J seems unconcerned though. He makes himself a cup of tea with tap water, not even waiting for it to boil because he’s too impatient, and guzzles it down without the slightest pause. I think he will come unstuck with this cavalier attitude. He doesn’t think so. I know I will, however careful I am. There’s a certain depressing inevitability to it. He’s probably doing the right thing, getting it out of the way early on in the trip.

There’s a bakery on site and we sit down close to the pool and eat breakfast - croissants, coffee, orange juice, a French baguette and some Laughing Cow cheese. It’s very nice. J snaffles it down, but remarks that he’d much prefer bacon and eggs.

Four people arrive and stretch out their towels over the sun-loungers.

They’re German, says J.

How do you know?

We all know the stereotype but I didn’t think J had based his deduction entirely on this. They hadn’t yet spoken, and in all possibility they could have been French, English, Swiss… anything. J goes off to the toilet. I watch the new arrivals as they clamber into the pool and start swimming. They do about twenty lengths without speaking a single word to each other. Mechanical exercise with no outward enjoyment. No splashing. J is probably right.

After finishing breakfast and returning to pack up the tents, we head off. We’re no further on than two hundred metres before I call a halt. My butt cheeks are chafed from the cycling yesterday and, in my panniers of many things, I have just the solution. It’s a pair of cycling shorts, with a bit of padding sewn in. I quickly change into them and stand there feeling stupid. It looks like I’ve had some sort of terrible toilet-oriented accident in my new shorts. J smiles and I know beyond any doubt that I look ridiculous.

Chop chop, Roach, he says, and we get going again.
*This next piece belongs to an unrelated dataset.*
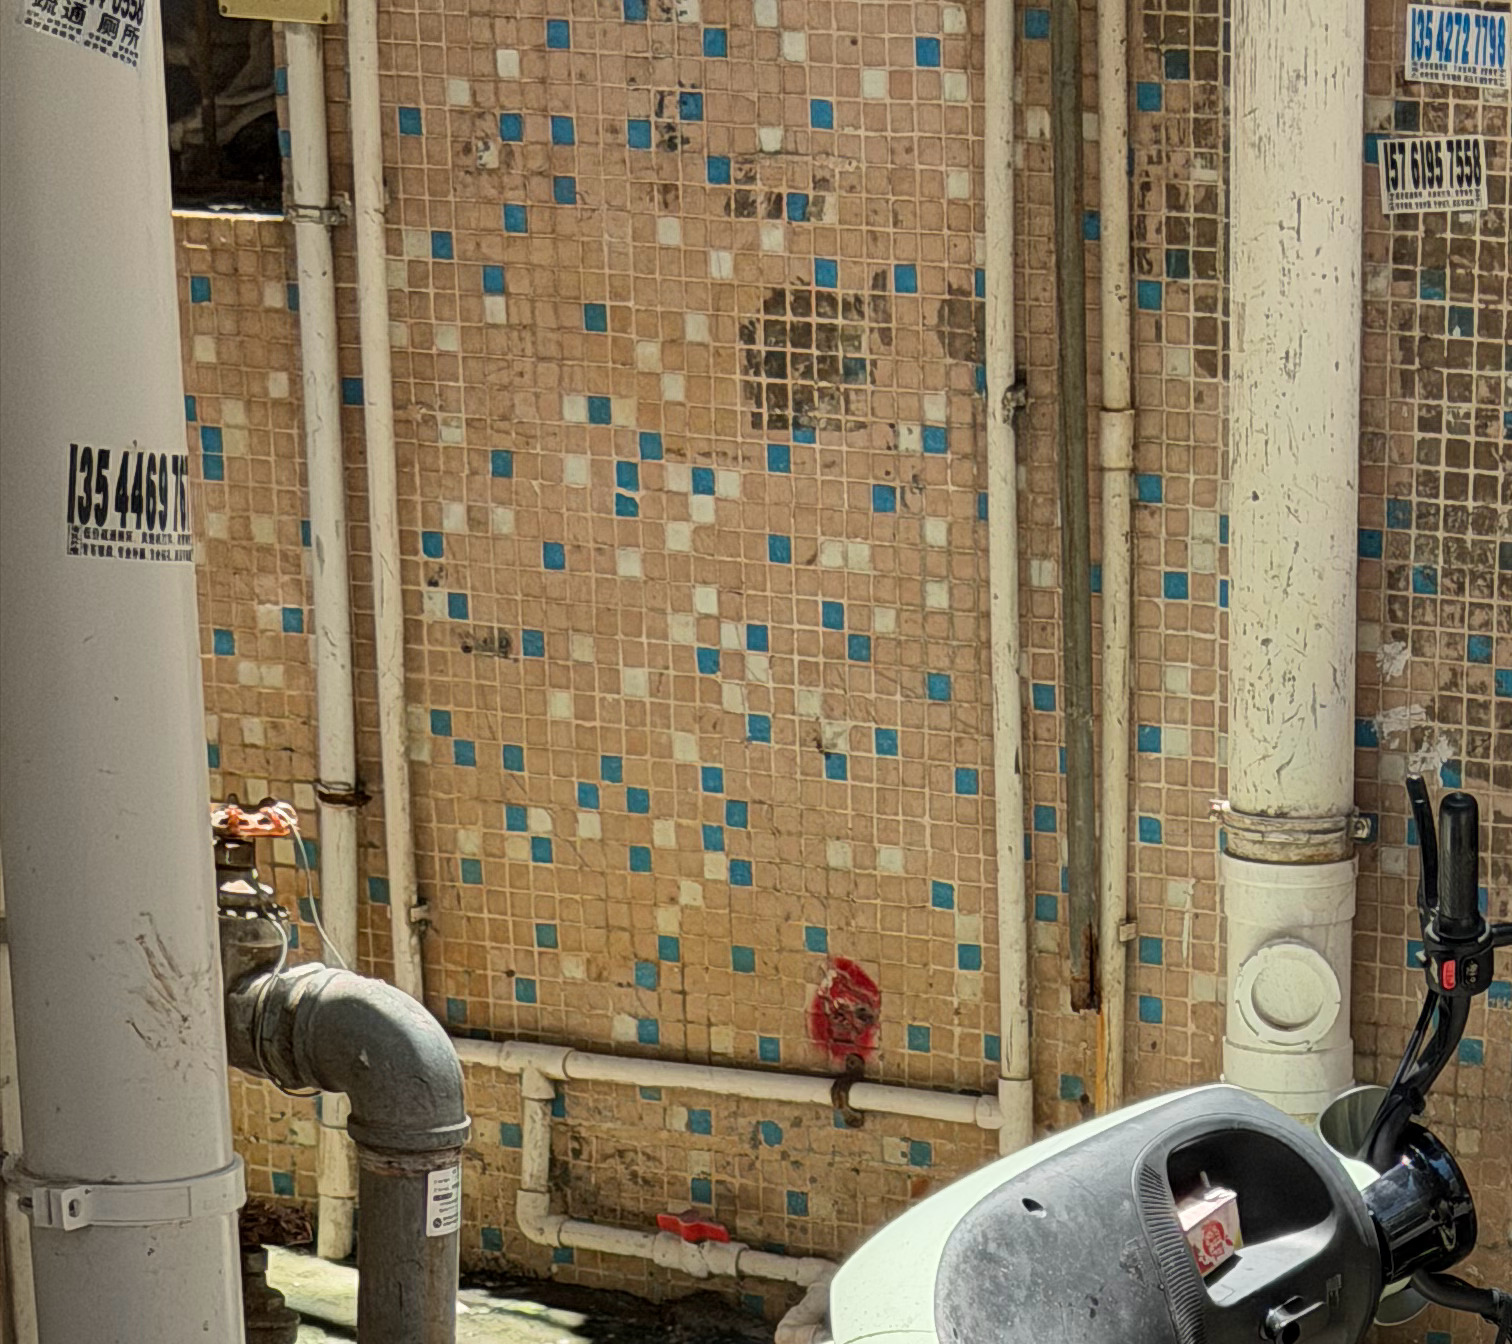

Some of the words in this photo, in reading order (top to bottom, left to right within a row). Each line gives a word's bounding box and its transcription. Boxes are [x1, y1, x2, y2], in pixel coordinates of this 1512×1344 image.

Within an hour or so, the sun burns away the light mist blanketing the quiet countryside. I silently praise myself on having the sense to invest in a road atlas – it’s already proving invaluable. It might sound obvious that any responsible adventurer would bring along such a simple navigation tool. But, to put this in perspective, on the John O’Groats to Lands End trip we made do with an A3 map of the UK. And, what’s more, we got away with it. Here though, it’s a different story, with an endless number of minor roads snaking off in all directions. In the atlas, all these minor roads are clearly laid out and numbered, so hopefully we won’t get lost. As an added bonus, even the tracks that clearly aren’t roads (probably farm roads, or forest fire clearance roads) are included, and we quickly learn that a simple detour along these can shave off a few kilometres every hour.

Unless you’ve undertaken a very long cycle trip, or embarked upon any other kind of adventure where the only means of transport is under your own power, you probably won’t appreciate quite how important minimising the amount of equipment you bring with you is to the overall endeavour. When you are generating the only forward motion, any additional weight in your kit quickly begins to wear you down, particularly if it’s unnecessary.